TASK TO CARRY OUT:
Produce a verbatim copy of the data below that contains no pictures.

[Stored data entries]

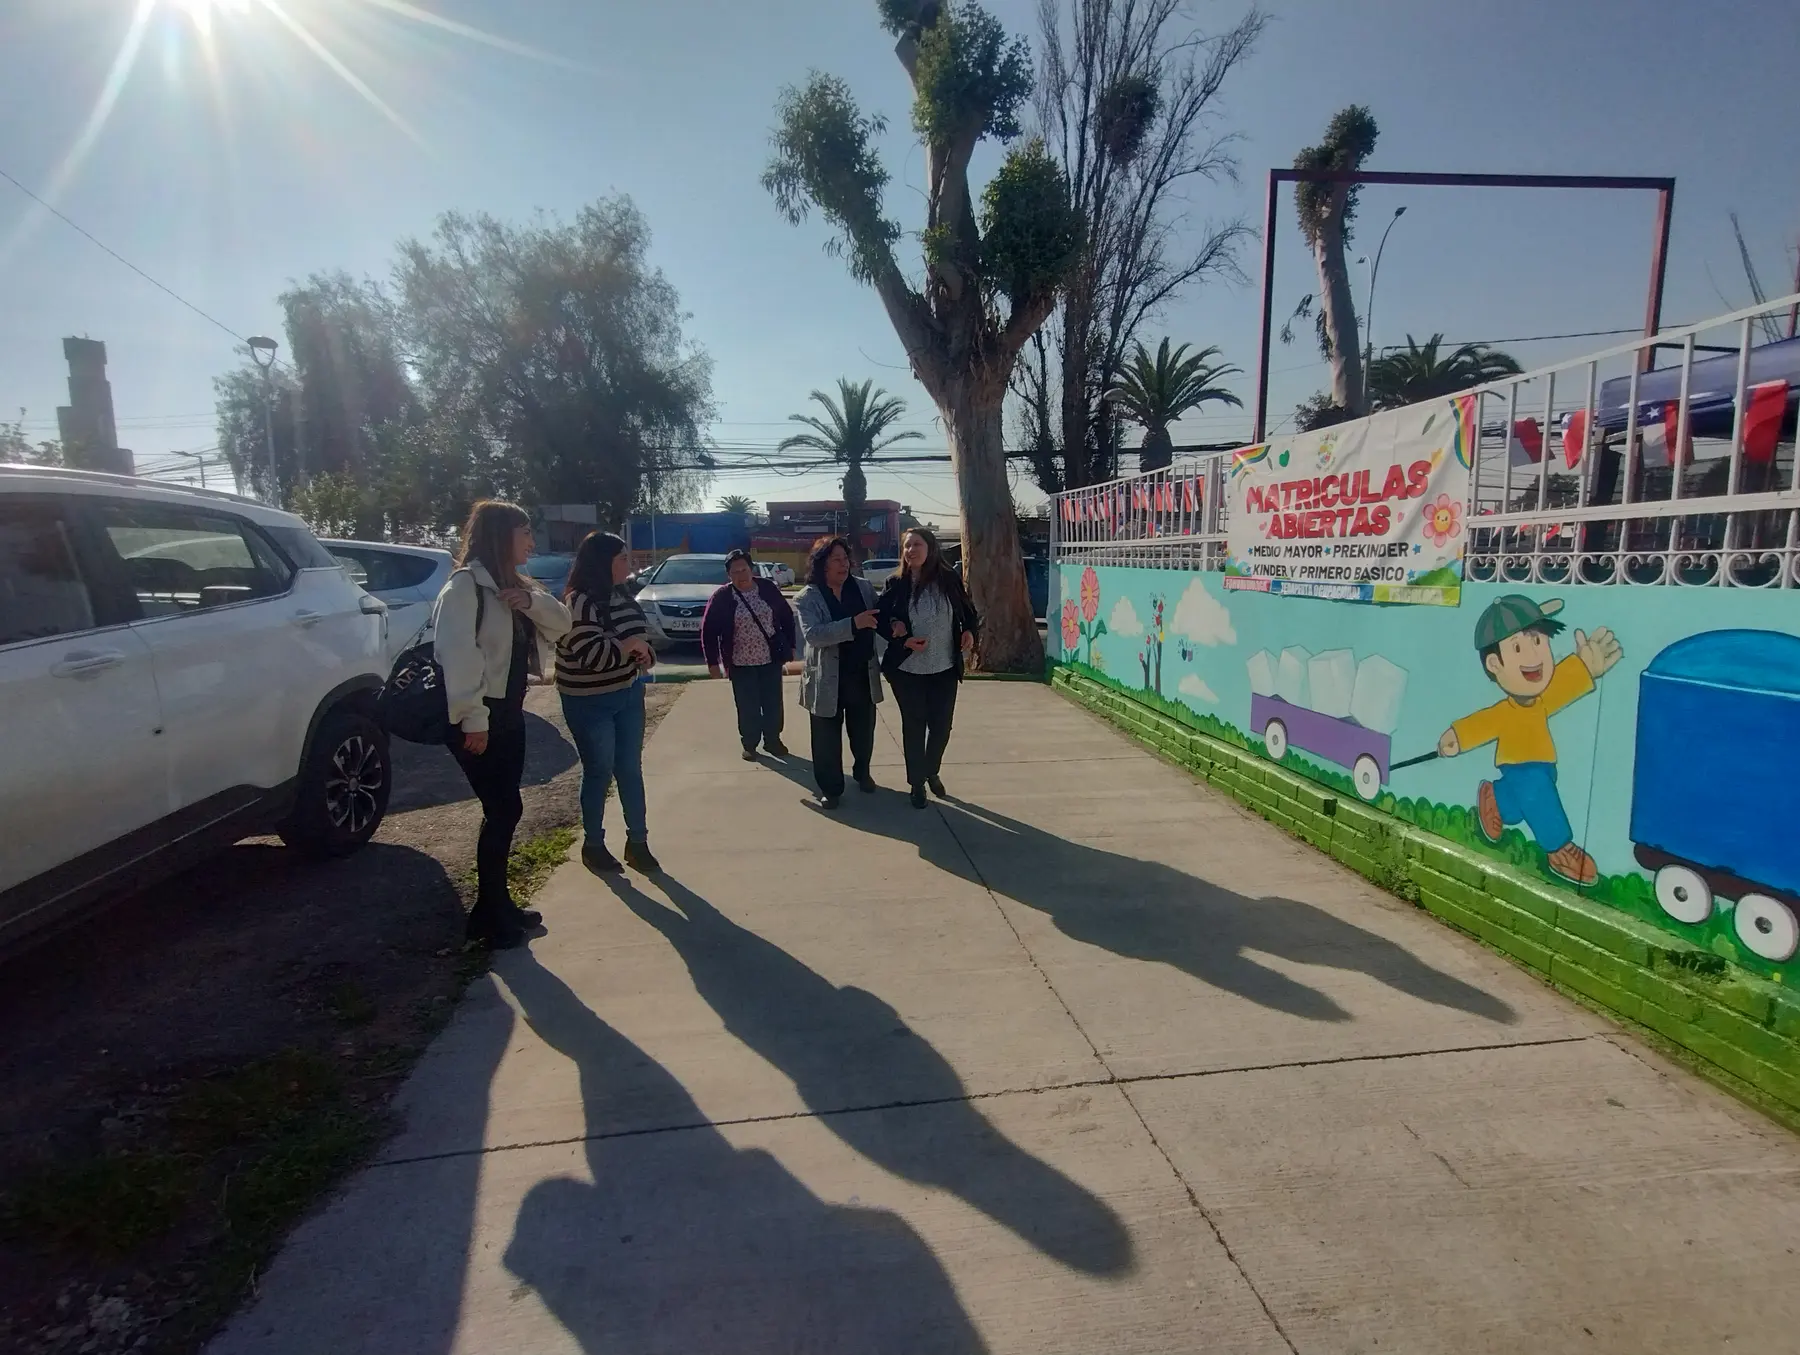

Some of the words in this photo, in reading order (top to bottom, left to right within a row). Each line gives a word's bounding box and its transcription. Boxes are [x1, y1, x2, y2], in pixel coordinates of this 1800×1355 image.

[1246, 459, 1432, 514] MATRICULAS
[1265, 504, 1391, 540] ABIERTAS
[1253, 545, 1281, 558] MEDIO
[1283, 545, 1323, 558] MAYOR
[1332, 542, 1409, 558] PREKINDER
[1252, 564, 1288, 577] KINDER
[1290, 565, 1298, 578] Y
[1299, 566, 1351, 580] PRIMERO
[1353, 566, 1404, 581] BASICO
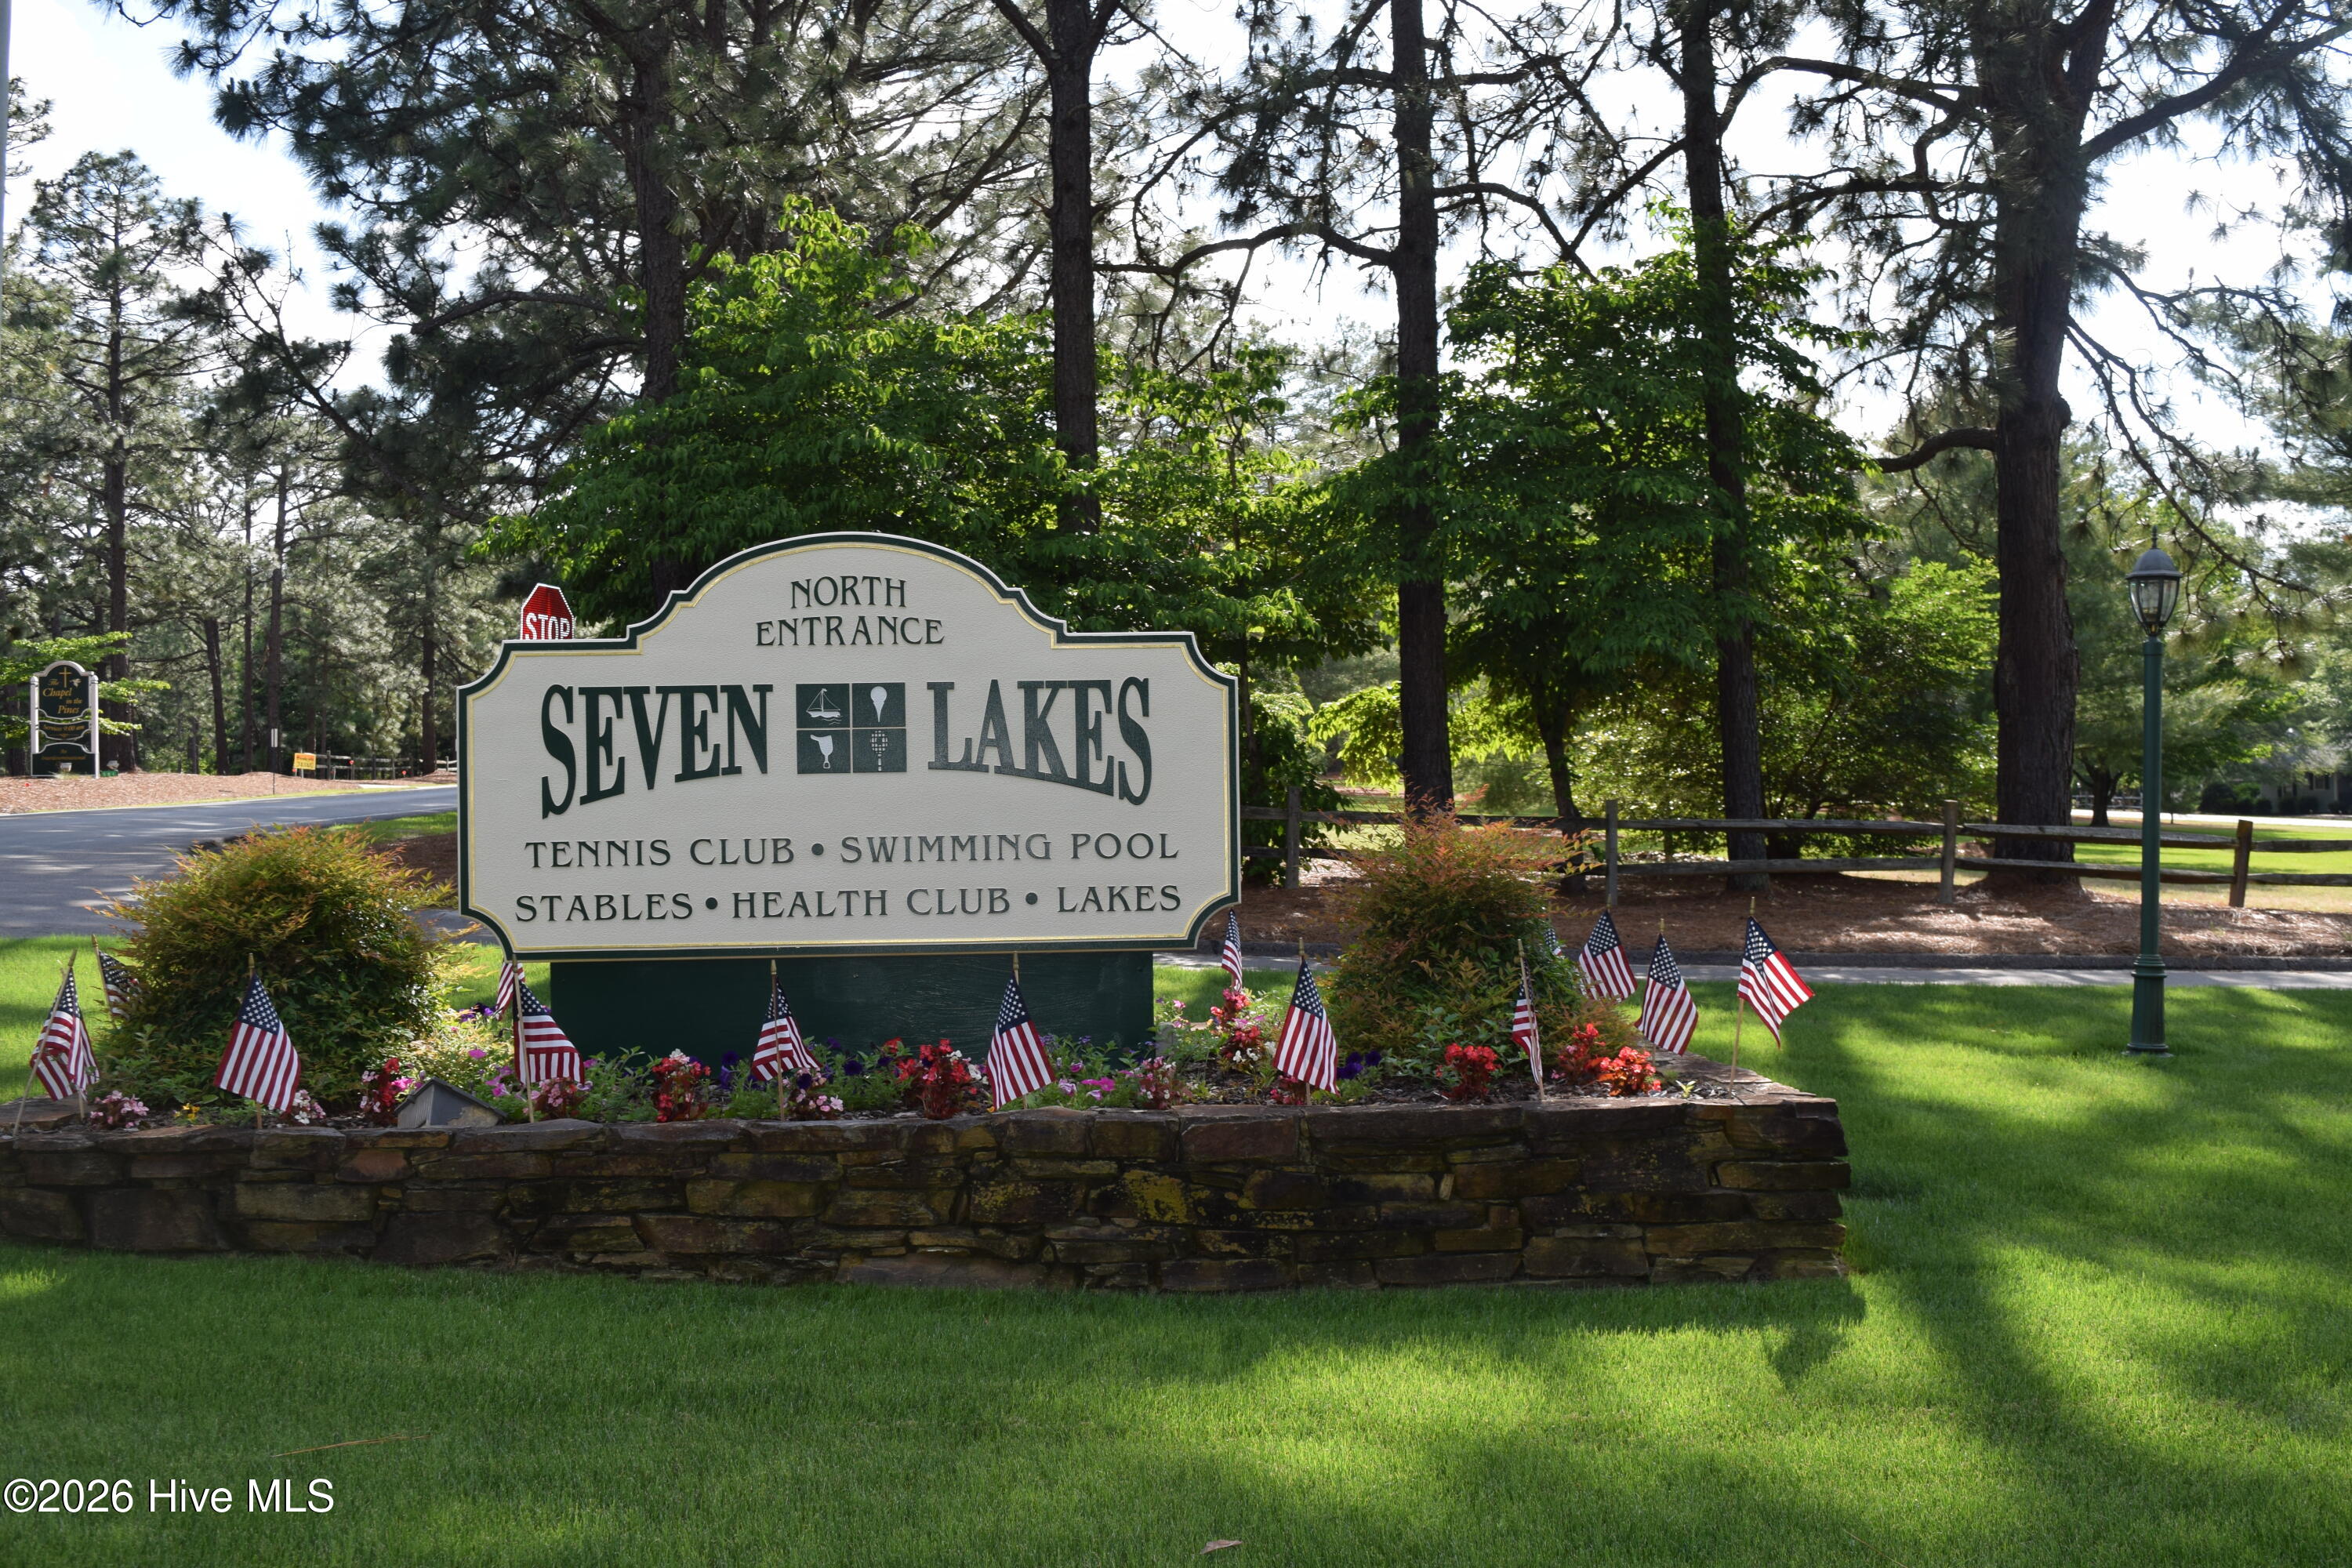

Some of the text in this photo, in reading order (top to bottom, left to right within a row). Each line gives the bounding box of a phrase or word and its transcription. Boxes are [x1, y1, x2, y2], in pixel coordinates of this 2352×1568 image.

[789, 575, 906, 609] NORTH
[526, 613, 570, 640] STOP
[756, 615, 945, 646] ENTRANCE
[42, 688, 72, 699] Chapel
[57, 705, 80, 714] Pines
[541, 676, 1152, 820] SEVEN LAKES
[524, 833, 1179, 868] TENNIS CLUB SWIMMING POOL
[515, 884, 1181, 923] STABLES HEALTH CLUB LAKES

WRITTEN ANSWER:
Some of the words in this photo, in reading order (top to bottom, left to right within a row). Each line gives a word's bounding box and its transcription. Boxes are [x1, y1, x2, y2], in pixel coordinates of this 1800×1355 image.

[1246, 459, 1432, 514] MATRICULAS
[1265, 504, 1391, 540] ABIERTAS
[1253, 545, 1281, 558] MEDIO
[1283, 545, 1323, 558] MAYOR
[1332, 542, 1409, 558] PREKINDER
[1252, 564, 1288, 577] KINDER
[1290, 565, 1298, 578] Y
[1299, 566, 1351, 580] PRIMERO
[1353, 566, 1404, 581] BASICO

Some of the text in this photo, in reading order (top to bottom, left to right within a row). Each line gives the bounding box of a phrase or word and its transcription. Boxes are [x1, y1, x2, y2], in pixel coordinates of this 2352×1568 image.

[789, 575, 906, 609] NORTH
[526, 613, 570, 640] STOP
[756, 615, 945, 646] ENTRANCE
[42, 688, 72, 699] Chapel
[57, 705, 80, 714] Pines
[541, 676, 1152, 820] SEVEN LAKES
[524, 833, 1179, 868] TENNIS CLUB SWIMMING POOL
[515, 884, 1181, 923] STABLES HEALTH CLUB LAKES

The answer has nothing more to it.